**ASSIGNMENT:**
Down to the last line below, give the listing again exactly.

**RECORD EXCERPTS:**
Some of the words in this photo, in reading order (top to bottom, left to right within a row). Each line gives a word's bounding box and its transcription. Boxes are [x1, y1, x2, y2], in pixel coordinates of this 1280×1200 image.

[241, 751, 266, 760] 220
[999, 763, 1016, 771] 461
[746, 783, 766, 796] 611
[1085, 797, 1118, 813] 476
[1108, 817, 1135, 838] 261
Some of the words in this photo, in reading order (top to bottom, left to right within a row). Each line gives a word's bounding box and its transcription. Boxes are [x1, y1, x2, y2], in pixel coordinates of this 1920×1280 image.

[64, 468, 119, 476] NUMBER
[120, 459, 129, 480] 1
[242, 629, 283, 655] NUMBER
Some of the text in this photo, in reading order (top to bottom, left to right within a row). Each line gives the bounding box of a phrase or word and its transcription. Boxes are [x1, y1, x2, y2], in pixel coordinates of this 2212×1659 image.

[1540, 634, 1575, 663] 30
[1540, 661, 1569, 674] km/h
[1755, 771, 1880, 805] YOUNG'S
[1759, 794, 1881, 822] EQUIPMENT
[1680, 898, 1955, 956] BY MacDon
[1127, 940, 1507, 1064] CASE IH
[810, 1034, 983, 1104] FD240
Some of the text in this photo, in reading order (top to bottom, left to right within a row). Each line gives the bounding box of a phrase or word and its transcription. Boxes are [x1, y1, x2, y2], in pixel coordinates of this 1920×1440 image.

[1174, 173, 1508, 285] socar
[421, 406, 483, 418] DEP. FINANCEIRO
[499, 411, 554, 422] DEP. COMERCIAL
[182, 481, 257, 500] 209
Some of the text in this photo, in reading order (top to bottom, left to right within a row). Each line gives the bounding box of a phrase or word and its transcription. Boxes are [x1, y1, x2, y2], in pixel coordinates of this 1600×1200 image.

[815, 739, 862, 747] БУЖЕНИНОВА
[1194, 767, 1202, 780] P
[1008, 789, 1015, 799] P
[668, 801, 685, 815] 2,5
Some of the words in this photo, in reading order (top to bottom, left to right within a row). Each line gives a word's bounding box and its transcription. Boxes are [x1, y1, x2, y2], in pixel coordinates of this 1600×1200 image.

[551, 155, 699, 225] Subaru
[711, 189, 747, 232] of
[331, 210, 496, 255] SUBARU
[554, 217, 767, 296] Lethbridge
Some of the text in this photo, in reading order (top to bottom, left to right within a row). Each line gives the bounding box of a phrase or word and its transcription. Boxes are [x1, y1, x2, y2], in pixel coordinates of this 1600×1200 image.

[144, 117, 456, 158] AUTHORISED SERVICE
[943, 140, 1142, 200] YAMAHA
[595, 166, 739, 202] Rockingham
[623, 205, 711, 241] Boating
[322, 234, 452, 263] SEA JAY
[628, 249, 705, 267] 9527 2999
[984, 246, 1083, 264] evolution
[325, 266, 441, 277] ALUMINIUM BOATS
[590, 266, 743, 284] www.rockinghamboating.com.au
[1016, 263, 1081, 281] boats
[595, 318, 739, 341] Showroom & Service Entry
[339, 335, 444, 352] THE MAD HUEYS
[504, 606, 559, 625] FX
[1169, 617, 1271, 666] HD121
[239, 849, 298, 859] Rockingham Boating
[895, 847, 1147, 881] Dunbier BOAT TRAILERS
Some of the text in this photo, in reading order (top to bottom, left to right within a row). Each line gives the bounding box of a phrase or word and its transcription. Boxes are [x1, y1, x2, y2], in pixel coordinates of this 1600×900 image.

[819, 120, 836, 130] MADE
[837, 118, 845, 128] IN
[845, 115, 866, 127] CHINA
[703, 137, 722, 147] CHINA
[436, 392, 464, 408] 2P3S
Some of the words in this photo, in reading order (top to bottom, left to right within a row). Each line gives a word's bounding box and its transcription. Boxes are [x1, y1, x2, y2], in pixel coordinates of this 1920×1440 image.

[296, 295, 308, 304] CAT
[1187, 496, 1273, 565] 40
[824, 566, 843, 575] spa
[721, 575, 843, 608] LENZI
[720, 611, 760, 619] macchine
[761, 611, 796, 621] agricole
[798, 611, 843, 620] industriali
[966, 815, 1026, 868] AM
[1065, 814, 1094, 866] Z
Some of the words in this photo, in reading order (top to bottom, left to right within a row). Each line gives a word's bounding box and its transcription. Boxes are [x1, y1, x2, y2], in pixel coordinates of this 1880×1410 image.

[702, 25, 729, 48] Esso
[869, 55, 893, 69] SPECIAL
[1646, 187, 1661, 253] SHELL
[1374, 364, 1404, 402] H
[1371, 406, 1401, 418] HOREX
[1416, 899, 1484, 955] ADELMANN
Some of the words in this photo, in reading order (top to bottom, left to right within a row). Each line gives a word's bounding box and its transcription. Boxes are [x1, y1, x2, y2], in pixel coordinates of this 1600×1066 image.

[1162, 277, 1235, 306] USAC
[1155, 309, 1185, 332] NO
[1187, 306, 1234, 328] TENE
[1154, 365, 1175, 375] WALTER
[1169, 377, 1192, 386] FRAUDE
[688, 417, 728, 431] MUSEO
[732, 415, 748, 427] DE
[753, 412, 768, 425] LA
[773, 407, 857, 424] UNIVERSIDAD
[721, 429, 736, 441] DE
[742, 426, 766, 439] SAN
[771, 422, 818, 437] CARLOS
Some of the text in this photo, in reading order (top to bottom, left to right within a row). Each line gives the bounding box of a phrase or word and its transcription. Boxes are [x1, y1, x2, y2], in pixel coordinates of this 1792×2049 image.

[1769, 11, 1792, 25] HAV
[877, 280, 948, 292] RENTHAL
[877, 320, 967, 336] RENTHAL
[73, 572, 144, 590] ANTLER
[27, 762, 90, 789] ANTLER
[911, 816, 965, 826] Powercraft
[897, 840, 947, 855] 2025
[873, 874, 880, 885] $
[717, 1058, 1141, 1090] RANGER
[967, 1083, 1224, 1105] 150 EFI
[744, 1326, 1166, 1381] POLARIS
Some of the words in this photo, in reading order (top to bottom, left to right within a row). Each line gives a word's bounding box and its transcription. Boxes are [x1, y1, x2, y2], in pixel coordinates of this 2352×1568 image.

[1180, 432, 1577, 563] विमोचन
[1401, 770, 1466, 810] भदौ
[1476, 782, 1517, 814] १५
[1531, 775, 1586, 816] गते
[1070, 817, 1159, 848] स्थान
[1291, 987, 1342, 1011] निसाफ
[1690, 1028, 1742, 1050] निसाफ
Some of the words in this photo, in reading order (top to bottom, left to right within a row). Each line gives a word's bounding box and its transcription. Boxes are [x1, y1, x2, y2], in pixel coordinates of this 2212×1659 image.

**SOLUTION:**
Some of the words in this photo, in reading order (top to bottom, left to right within a row). Each line gives a word's bounding box and its transcription. Boxes are [x1, y1, x2, y2], in pixel coordinates of this 1280×1200 image.

[241, 751, 266, 760] 220
[999, 763, 1016, 771] 461
[746, 783, 766, 796] 611
[1085, 797, 1118, 813] 476
[1108, 817, 1135, 838] 261
Some of the words in this photo, in reading order (top to bottom, left to right within a row). Each line gives a word's bounding box and its transcription. Boxes are [x1, y1, x2, y2], in pixel coordinates of this 1920×1280 image.

[64, 468, 119, 476] NUMBER
[120, 459, 129, 480] 1
[242, 629, 283, 655] NUMBER
Some of the text in this photo, in reading order (top to bottom, left to right within a row). Each line gives the bounding box of a phrase or word and its transcription. Boxes are [x1, y1, x2, y2], in pixel coordinates of this 2212×1659 image.

[1540, 634, 1575, 663] 30
[1540, 661, 1569, 674] km/h
[1755, 771, 1880, 805] YOUNG'S
[1759, 794, 1881, 822] EQUIPMENT
[1680, 898, 1955, 956] BY MacDon
[1127, 940, 1507, 1064] CASE IH
[810, 1034, 983, 1104] FD240
Some of the text in this photo, in reading order (top to bottom, left to right within a row). Each line gives the bounding box of a phrase or word and its transcription. Boxes are [x1, y1, x2, y2], in pixel coordinates of this 1920×1440 image.

[1174, 173, 1508, 285] socar
[421, 406, 483, 418] DEP. FINANCEIRO
[499, 411, 554, 422] DEP. COMERCIAL
[182, 481, 257, 500] 209
Some of the text in this photo, in reading order (top to bottom, left to right within a row). Each line gives the bounding box of a phrase or word and its transcription. Boxes are [x1, y1, x2, y2], in pixel coordinates of this 1600×1200 image.

[815, 739, 862, 747] БУЖЕНИНОВА
[1194, 767, 1202, 780] P
[1008, 789, 1015, 799] P
[668, 801, 685, 815] 2,5
Some of the words in this photo, in reading order (top to bottom, left to right within a row). Each line gives a word's bounding box and its transcription. Boxes are [x1, y1, x2, y2], in pixel coordinates of this 1600×1200 image.

[551, 155, 699, 225] Subaru
[711, 189, 747, 232] of
[331, 210, 496, 255] SUBARU
[554, 217, 767, 296] Lethbridge
Some of the text in this photo, in reading order (top to bottom, left to right within a row). Each line gives the bounding box of a phrase or word and its transcription. Boxes are [x1, y1, x2, y2], in pixel coordinates of this 1600×1200 image.

[144, 117, 456, 158] AUTHORISED SERVICE
[943, 140, 1142, 200] YAMAHA
[595, 166, 739, 202] Rockingham
[623, 205, 711, 241] Boating
[322, 234, 452, 263] SEA JAY
[628, 249, 705, 267] 9527 2999
[984, 246, 1083, 264] evolution
[325, 266, 441, 277] ALUMINIUM BOATS
[590, 266, 743, 284] www.rockinghamboating.com.au
[1016, 263, 1081, 281] boats
[595, 318, 739, 341] Showroom & Service Entry
[339, 335, 444, 352] THE MAD HUEYS
[504, 606, 559, 625] FX
[1169, 617, 1271, 666] HD121
[239, 849, 298, 859] Rockingham Boating
[895, 847, 1147, 881] Dunbier BOAT TRAILERS
Some of the text in this photo, in reading order (top to bottom, left to right within a row). Each line gives the bounding box of a phrase or word and its transcription. Boxes are [x1, y1, x2, y2], in pixel coordinates of this 1600×900 image.

[819, 120, 836, 130] MADE
[837, 118, 845, 128] IN
[845, 115, 866, 127] CHINA
[703, 137, 722, 147] CHINA
[436, 392, 464, 408] 2P3S
Some of the words in this photo, in reading order (top to bottom, left to right within a row). Each line gives a word's bounding box and its transcription. Boxes are [x1, y1, x2, y2], in pixel coordinates of this 1920×1440 image.

[296, 295, 308, 304] CAT
[1187, 496, 1273, 565] 40
[824, 566, 843, 575] spa
[721, 575, 843, 608] LENZI
[720, 611, 760, 619] macchine
[761, 611, 796, 621] agricole
[798, 611, 843, 620] industriali
[966, 815, 1026, 868] AM
[1065, 814, 1094, 866] Z
Some of the words in this photo, in reading order (top to bottom, left to right within a row). Each line gives a word's bounding box and its transcription. Boxes are [x1, y1, x2, y2], in pixel coordinates of this 1880×1410 image.

[702, 25, 729, 48] Esso
[869, 55, 893, 69] SPECIAL
[1646, 187, 1661, 253] SHELL
[1374, 364, 1404, 402] H
[1371, 406, 1401, 418] HOREX
[1416, 899, 1484, 955] ADELMANN
Some of the words in this photo, in reading order (top to bottom, left to right within a row). Each line gives a word's bounding box and its transcription. Boxes are [x1, y1, x2, y2], in pixel coordinates of this 1600×1066 image.

[1162, 277, 1235, 306] USAC
[1155, 309, 1185, 332] NO
[1187, 306, 1234, 328] TENE
[1154, 365, 1175, 375] WALTER
[1169, 377, 1192, 386] FRAUDE
[688, 417, 728, 431] MUSEO
[732, 415, 748, 427] DE
[753, 412, 768, 425] LA
[773, 407, 857, 424] UNIVERSIDAD
[721, 429, 736, 441] DE
[742, 426, 766, 439] SAN
[771, 422, 818, 437] CARLOS
Some of the text in this photo, in reading order (top to bottom, left to right within a row). Each line gives the bounding box of a phrase or word and its transcription. Boxes are [x1, y1, x2, y2], in pixel coordinates of this 1792×2049 image.

[1769, 11, 1792, 25] HAV
[877, 280, 948, 292] RENTHAL
[877, 320, 967, 336] RENTHAL
[73, 572, 144, 590] ANTLER
[27, 762, 90, 789] ANTLER
[911, 816, 965, 826] Powercraft
[897, 840, 947, 855] 2025
[873, 874, 880, 885] $
[717, 1058, 1141, 1090] RANGER
[967, 1083, 1224, 1105] 150 EFI
[744, 1326, 1166, 1381] POLARIS
Some of the words in this photo, in reading order (top to bottom, left to right within a row). Each line gives a word's bounding box and its transcription. Boxes are [x1, y1, x2, y2], in pixel coordinates of this 2352×1568 image.

[1180, 432, 1577, 563] विमोचन
[1401, 770, 1466, 810] भदौ
[1476, 782, 1517, 814] १५
[1531, 775, 1586, 816] गते
[1070, 817, 1159, 848] स्थान
[1291, 987, 1342, 1011] निसाफ
[1690, 1028, 1742, 1050] निसाफ
Some of the words in this photo, in reading order (top to bottom, left to right within a row). Each line gives a word's bounding box and its transcription. Boxes are [x1, y1, x2, y2], in pixel coordinates of this 2212×1659 image.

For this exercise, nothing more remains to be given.